He frowned at her. “Would we not still be moving in the same direction?”

“Well, yes, but that's beside the point.”

“How it is beside the point? We keep moving forward, we lose no time—if I go too slowly, you will tell me. If I cannot go fast enough, you will retake the helm. Let us find food, and when we resume the journey, I wish to try…drive.”

She closed her eyes very briefly, then leaned over and reached past him to open the glove compartment. She pulled out the car's manual and dropped it into his lap. “Read that, and then put your hands
on the car and absorb its vibes or whatever it is you do to inhale information like air. And then I'll let you drive after we eat breakfast. Very briefly.
Very
briefly, Utana. In a parking lot, where there's lots of room.”

“But…that would slow down our pace.”

“It won't matter. It'll be daylight soon. We can't meet with the vamps until nightfall anyway. And we won't waste more than five minutes. Maybe ten.”

He went silent, staring at her. “You are taking me to meet with the vahmpeers?”

She looked at him, then away again. “I think it's the best thing to do. If we can convince them to accept the truce you offer, we can come up with a plan to free the Chosen without putting the vampires at risk.”

His throat was dry. The notion of facing the people he might very well have so deeply wronged—or might very well soon have to kill—made his stomach rebel and his chest feel tight.

“Utana, you're going to have to make your peace with them sooner or later.”

“Am I?” he asked.

She nodded. “I love them. I
love
them, Utana. Haven't you figured that out yet?”

He nodded, awash with yet a new layer of guilt. To distract himself, he placed his hands on the owner's manual of her precious vehicle—yes, he knew she adored this machine—and closed his eyes
to absorb its contents. He did not need to do the same with the machine itself, for he already had. It was likely, he thought, that he knew more about the car than its proud owner did.

 

Brigit was grateful that Utana had stuffed the suit he'd so detested into the pillowcase along with several of his preferred robes. Her belly-dancing outfit was in there, too, she noticed, as she dug through the makeshift rucksack.

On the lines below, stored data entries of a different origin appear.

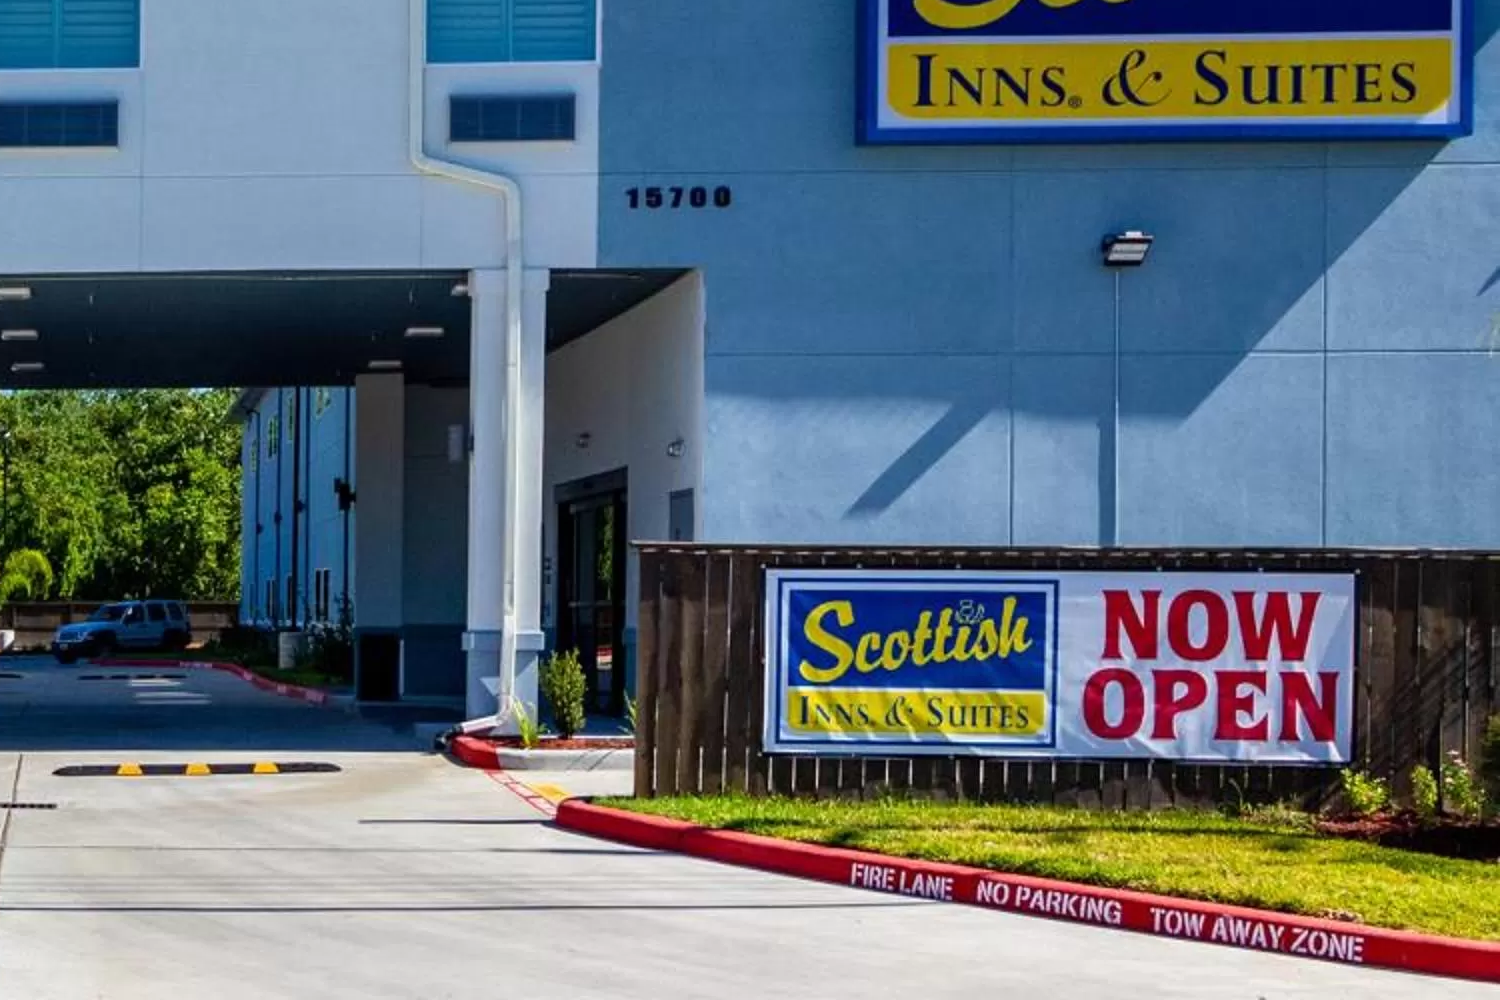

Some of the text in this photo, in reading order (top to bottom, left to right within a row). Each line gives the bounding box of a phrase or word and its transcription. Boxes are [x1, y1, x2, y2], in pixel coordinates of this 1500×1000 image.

[1102, 50, 1172, 107] &
[1194, 50, 1417, 105] SUITES
[625, 185, 731, 209] 15700
[800, 596, 1033, 683] Scottish
[1102, 589, 1322, 661] NOW
[884, 696, 914, 728] &
[927, 696, 1030, 729] SUITES
[1083, 669, 1340, 742] OPEN
[850, 862, 1364, 963] FIRE LANE NO PARKING TOW AWAY ZONE
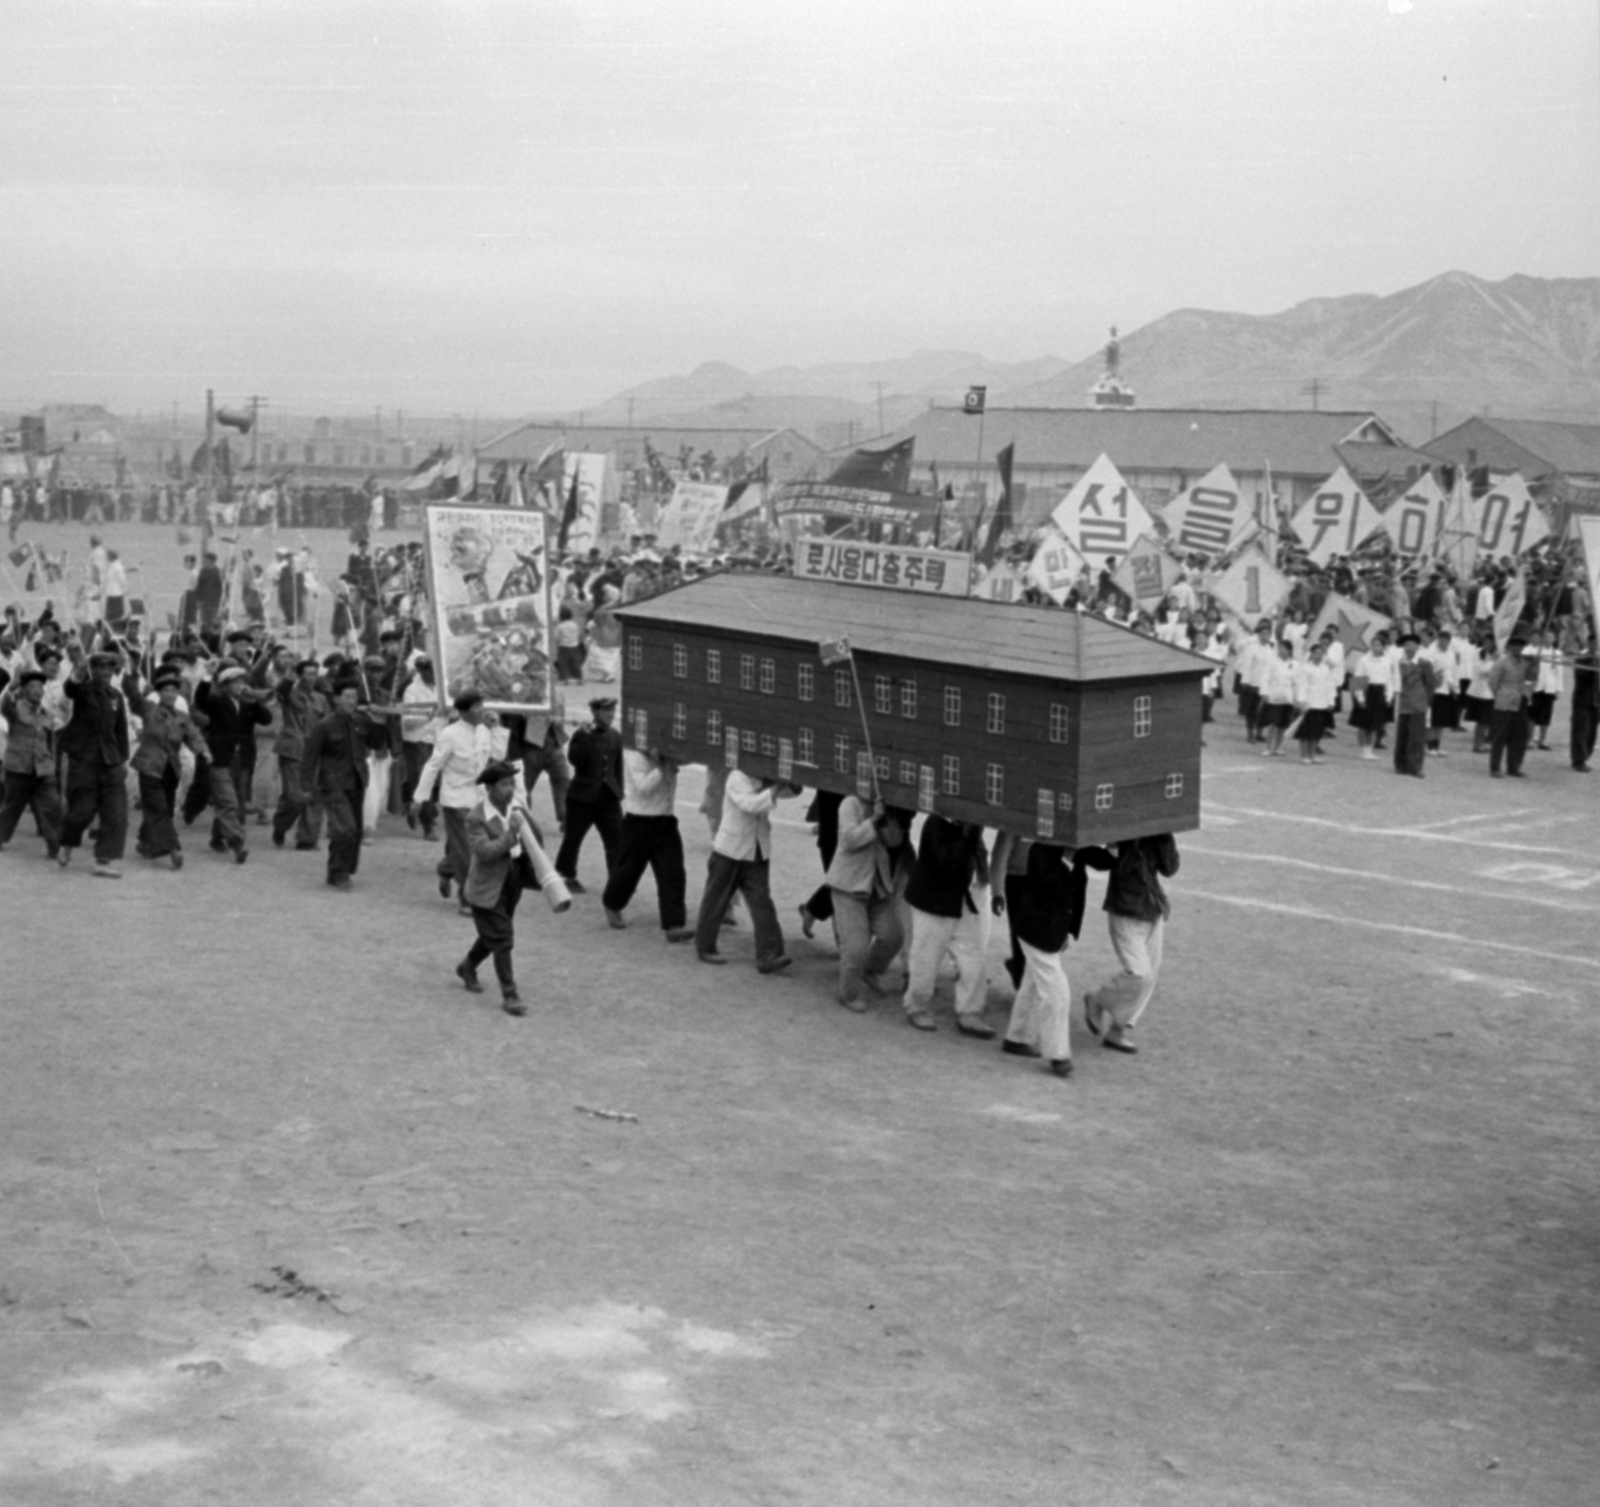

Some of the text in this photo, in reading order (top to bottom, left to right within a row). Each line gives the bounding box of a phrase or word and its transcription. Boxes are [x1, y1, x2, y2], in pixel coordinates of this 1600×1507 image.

[1079, 483, 1127, 553] 설
[1179, 486, 1239, 554] 을
[1312, 492, 1361, 551] 위
[1479, 494, 1532, 556] 여
[1244, 565, 1261, 614] 1

She insisted he take the time to exchange his regal robes for more ordinary clothing before they got out for breakfast, and then she forced her eyes to stay on the road while he struggled to change in the tiny passenger seat. At least he looked passably normal when they walked into the Denny's at 6:00 a.m.

Two hours on the road and they were barely a half hour from where they had begun. But she'd deemed it necessary to head in the opposite direction for a time, and to change course several more times, before finally heading toward her ultimate destination: Maine, where her family were holed up, along a route that would take them past St. Dymphna's Psychiatric Hospital for a look-see.

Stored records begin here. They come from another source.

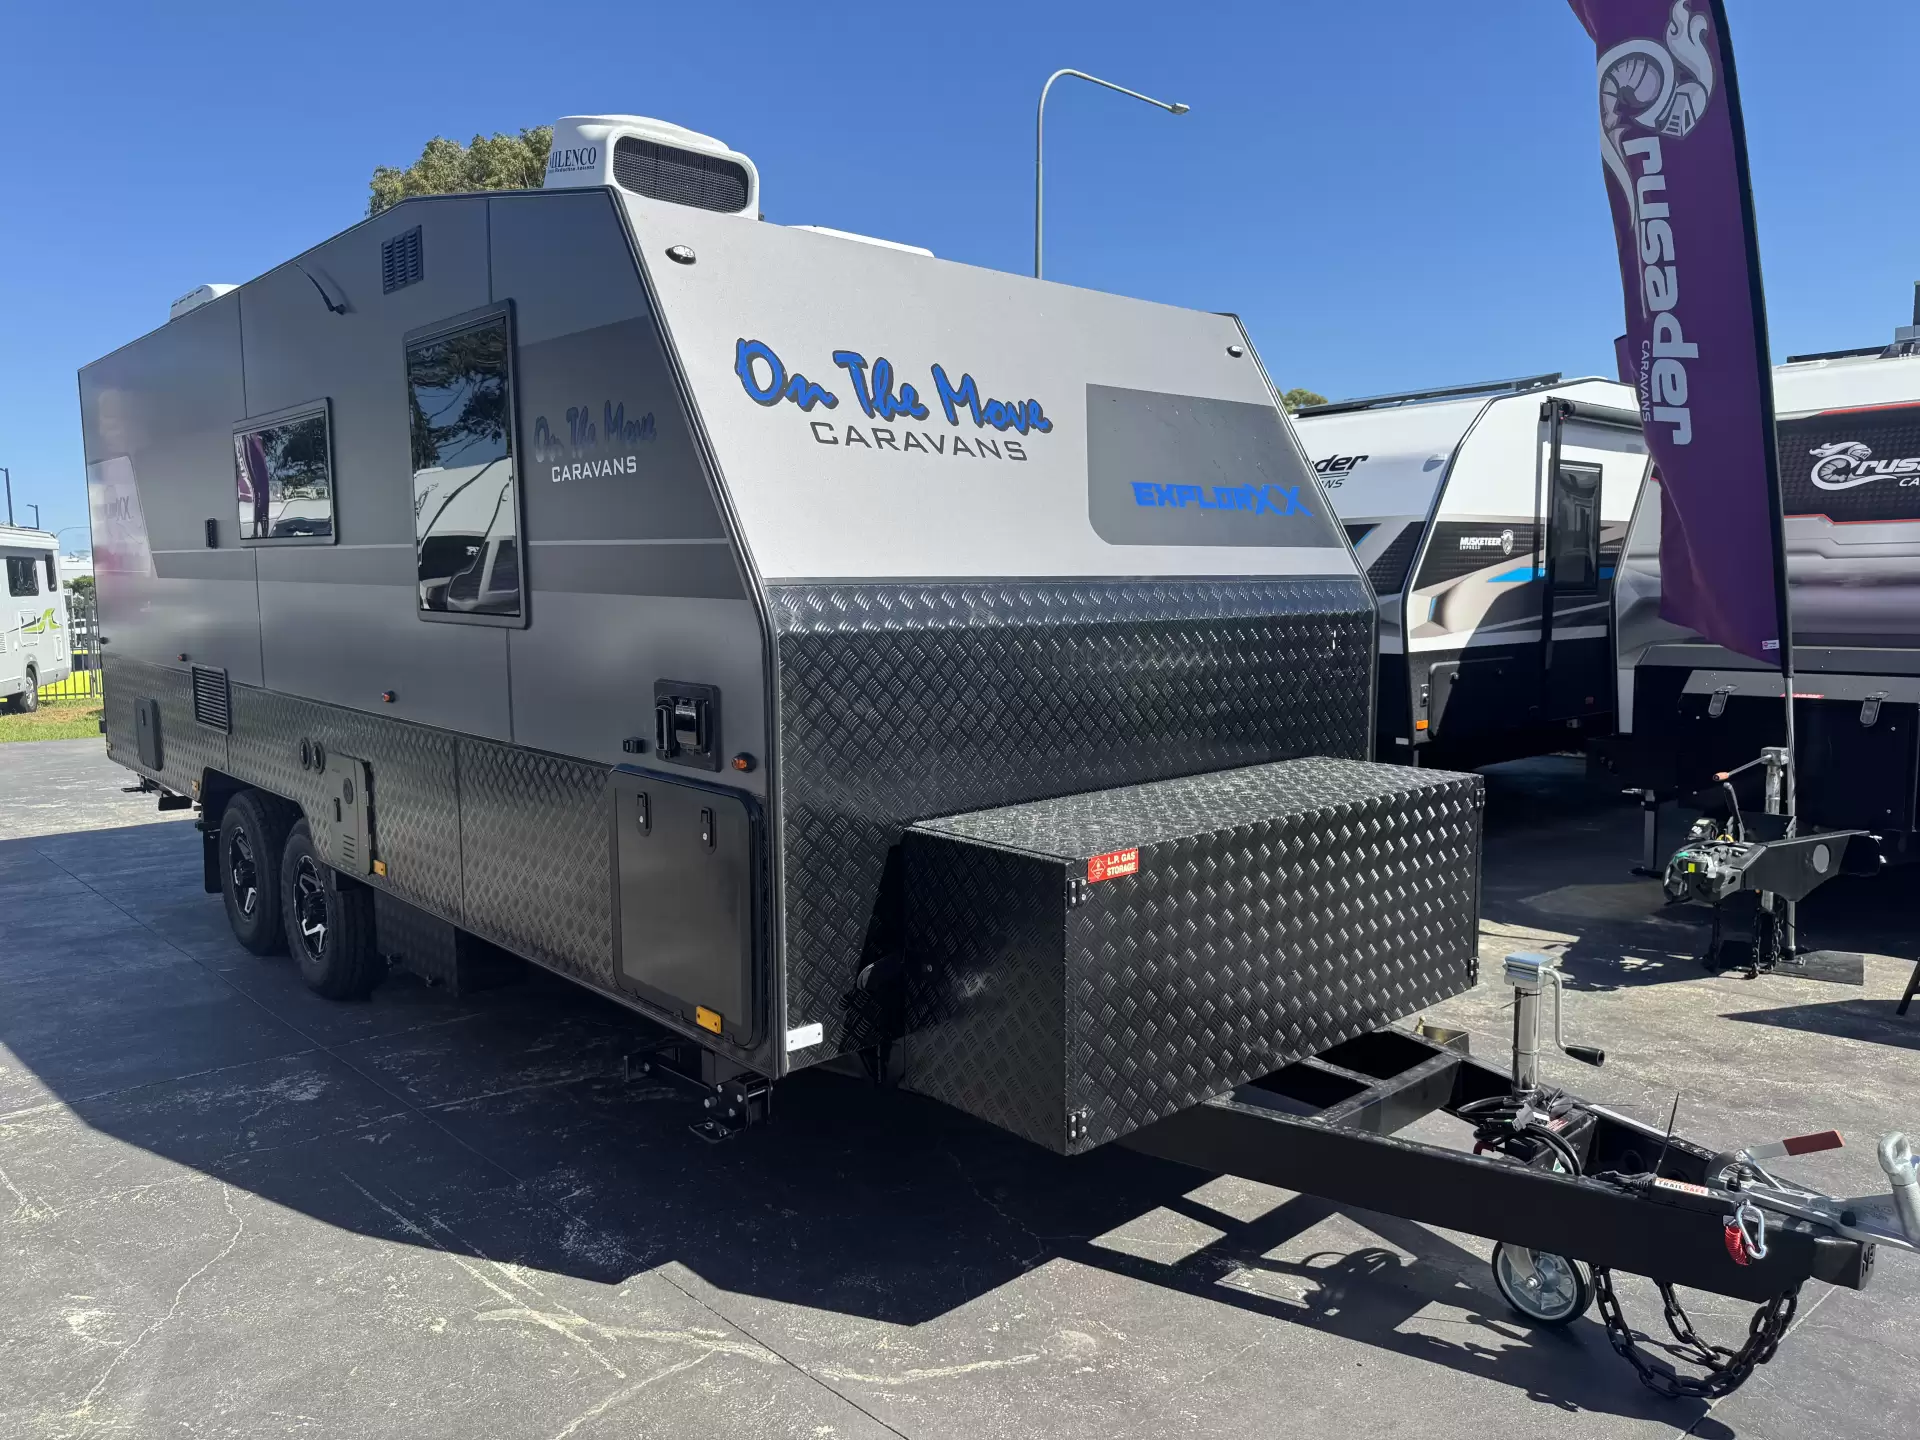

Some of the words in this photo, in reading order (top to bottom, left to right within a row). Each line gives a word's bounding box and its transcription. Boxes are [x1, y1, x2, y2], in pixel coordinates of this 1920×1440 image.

[734, 338, 839, 412] On
[832, 350, 930, 421] The
[930, 363, 1053, 435] Move
[1641, 339, 1651, 423] CARAVANS
[534, 415, 564, 462] On
[566, 405, 598, 459] The
[604, 399, 657, 449] Move
[810, 421, 1028, 462] CARAVANS
[551, 455, 637, 483] CARAVANS
[1311, 453, 1369, 473] der
[1809, 453, 1920, 491] Crus
[1130, 481, 1315, 517] EXPLORXX
[1321, 478, 1346, 489] NS
[1460, 536, 1501, 546] MUSKETEER
[1106, 861, 1136, 877] STORAGE
[1121, 851, 1136, 862] GAS

She was nervous as hell about him meeting her family again. They were going to be furious with her for not killing him. But when she explained, they would have to understand. He'd been ill. What
he had done was no more his fault than the uncontrollable tics of a mortal with Tourette's syndrome.

They would understand. They would forgive her. And eventually they would forgive
him,
too.

Yes. There was no question about that. What else could they do? They were her family. They loved her.

Setting all of that aside, she walked beside Utana into the restaurant, where the air was thick with the succulent scents of bacon and maple syrup and fresh coffee. Her stomach growled.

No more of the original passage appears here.